It is comforting to know that there are minds at the Massachusetts Institute of Technology thinking up ways to commercialize many new renewable energy technological developments for the solar, hydrogen, and energy storage.
The 2010 MIT Energy Conference was an open house to all of the research projects being conducted by both faculty and students of the institute. The main goal of the research according to MIT Energy Initiative director, Ernest Moniz, is to work with the renewable energy and power industries to commercialize groundbreaking technologies. He noted that their energy technology ideas cannot be commercialized in a garage like you can with Internet Technology (IT).
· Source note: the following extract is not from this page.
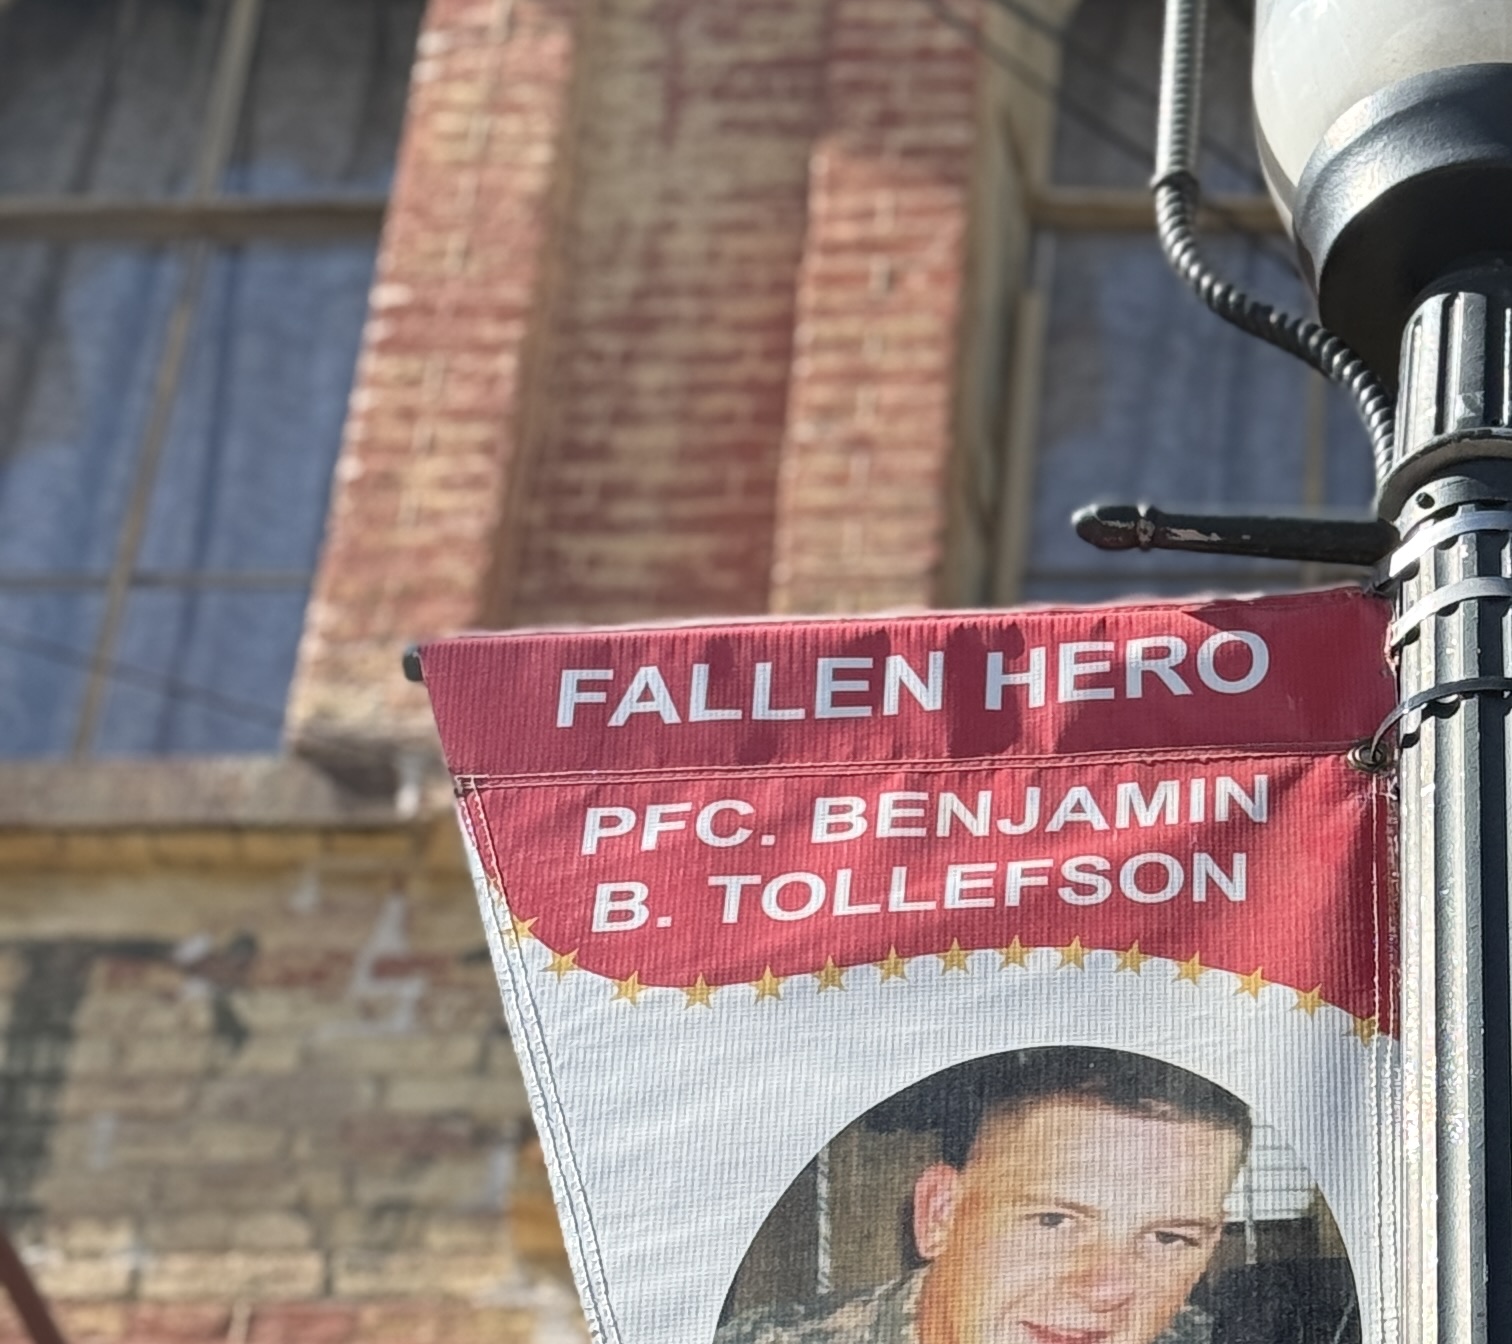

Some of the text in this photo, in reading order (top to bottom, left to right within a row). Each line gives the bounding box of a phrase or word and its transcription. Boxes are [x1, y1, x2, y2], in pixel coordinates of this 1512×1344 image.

[555, 629, 1271, 730] FALLEN HERO
[580, 773, 1270, 856] PFC. BENJAMIN
[590, 851, 1249, 934] B. TOLLEFSON
Exactly 20% of the MIT faculty is involved in some form of energy research. Energy is a big business at MIT. The 2010 MIT Energy Conference was not just some science fair. MIT has been very involved in the energy sector having already formed companies in the industry. The most notable of which is 1366 Technologies.
MIT is also home to one of the 40 nationwide Energy Frontier Research Centers that are solely funded by the U.S. Department of Energy through stimulus funds.
Of their many research projects, developing storage technologies may be one of the most important to the industry. Large scale or utility scale energy storage systems must be commercialized in order to ensure national energy security. Only 2.5% of the American energy grid capacity can be stored compared to 10% in Europe and 15% in Japan. This could be a foreshadowing of further energy troubles for the U.S. if the proper technology is not developed. Energy storage is vital for incorporating solar and wind energy into the grid which are renewable but intermittent energy sources.
The 2010 MIT Energy Conference is a bright spot in the timeline toward our energy independence and security. We can also be sure that there are other academic institutions, companies and organizations that are putting forth the same level of effort in bringing the best possible ideas on energy to fruition.